To view the full list of all our trekking courses around the world, please visit the overview page by clicking here. This page answers some of the most common questions that we are asked by clients about trekking in the Alps...
Are trekking poles required?


For all our guided treks, we classify trekking poles as obligatory equipment, and will not let anyone start without them. For self-guided it is your choice. The reason for our position on poles, is that they are essential safety kit to help you off a mountain if for example you twist an ankle or knee.
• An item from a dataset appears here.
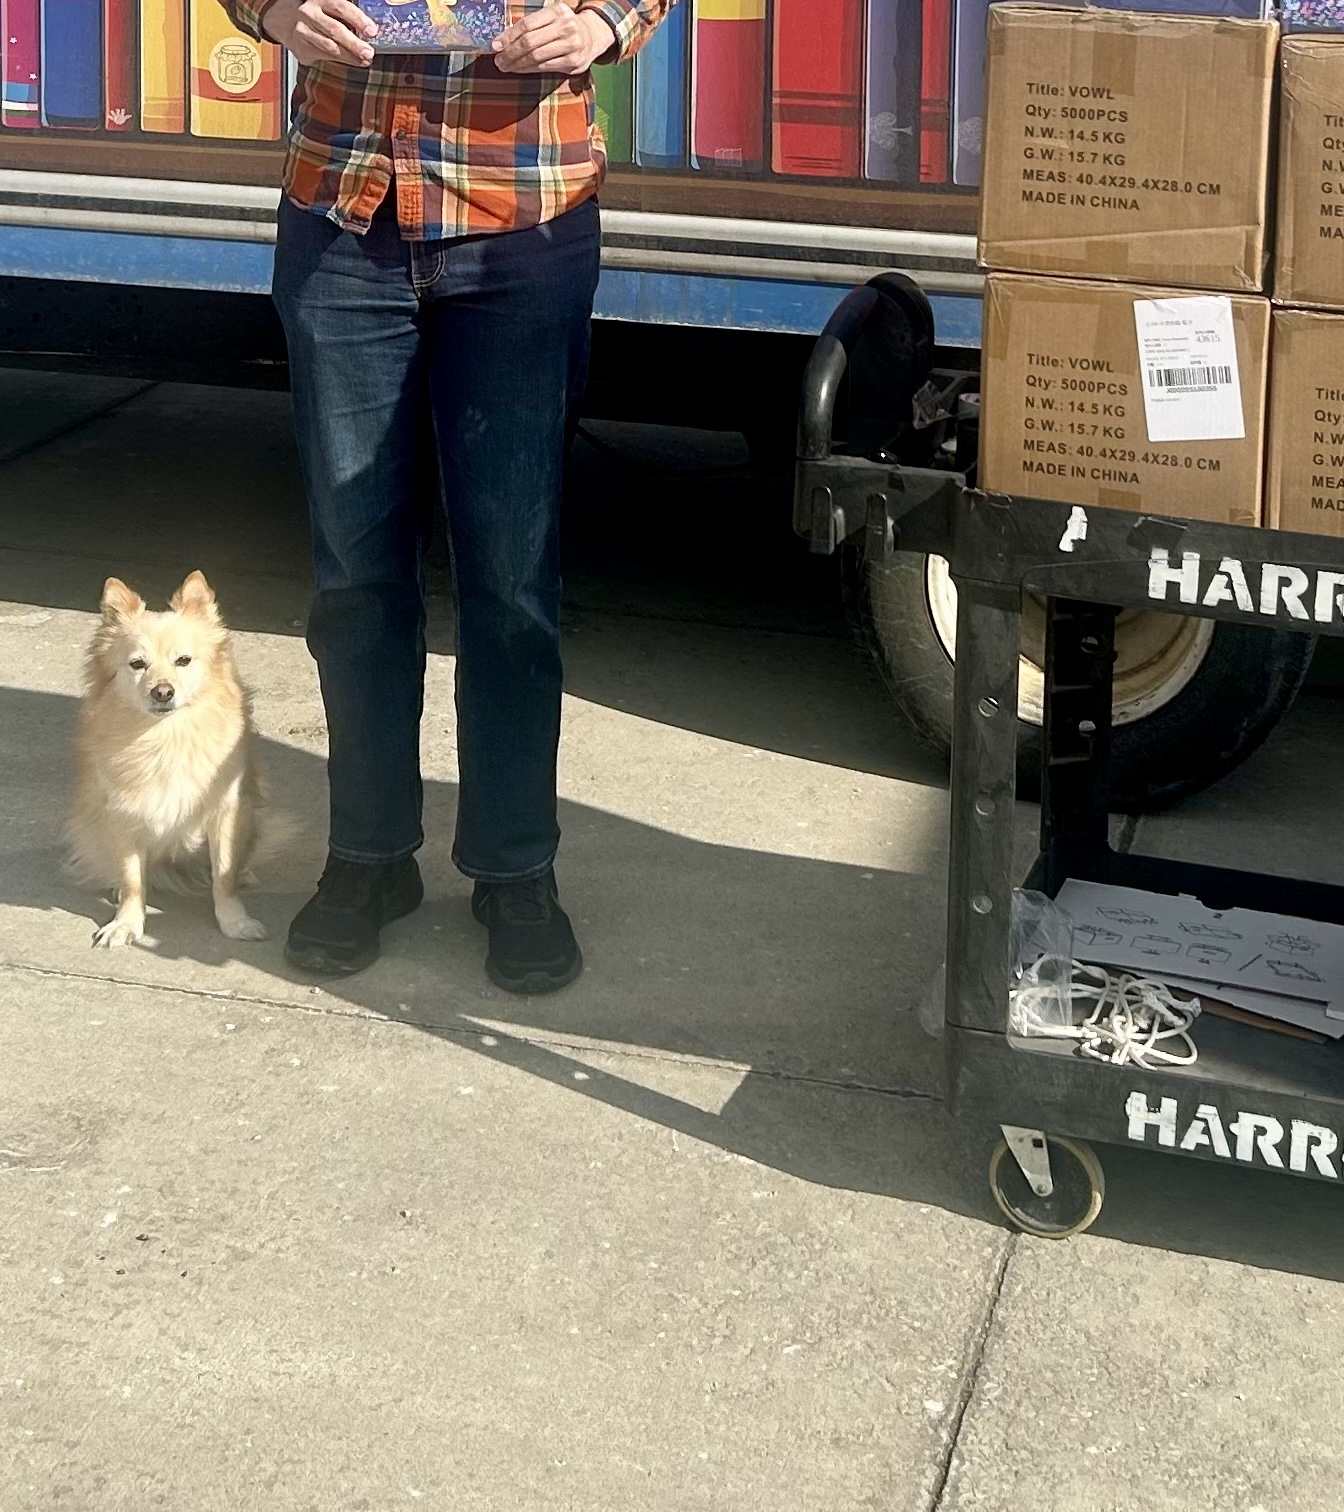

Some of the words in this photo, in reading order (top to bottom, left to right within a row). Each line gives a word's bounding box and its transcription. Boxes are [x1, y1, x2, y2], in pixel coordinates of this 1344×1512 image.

Even if you are fine, when you learn to use poles efficiently they take up to 30% of the load off your knees on ascents, and make it a lot easier ascending hills. With stats like this, why wouldn't you use them?

Can I use a hydration tube pack?


Hydration systems are good for enabling you to sip fluids whilst trekking, which is great. On the downside, they are highly prone to leaking, and generally the users are unaware how much they have drunk, so struggle to monitor their intake, an are likely to run out unexpectedly. When the weather is very cold (unlikely on sumer treks), the tubes and valves can freeze. Whatever your decision, it is worth taking a small bottle as a backup in case you have issues with the bladder system (e.g. platypus).

Can I charge my phone / camera?


Never assume that you can recharge a phone or camera in any of the huts. Most are sporadically powered by generator, and the lights run off the hut batteries on a low voltage system. In valley hotels / gites there are power sockets, so look at any itinerary carefully to judge where / if it is worth taking a charger.

Do huts cater for vegetarians?


Yes they do, as long as they are warned in advance. We require this information at the time of booking, to be listed on the online form. When you arrive at a hut, it's worth reminding the hut guardian that you are vegetarian, so they know who you are. Other dietary requirements may be possible, but often the vegetarian dish is offered. Do note that huts ate not restaurants, and they don't cater for preferences a la carte.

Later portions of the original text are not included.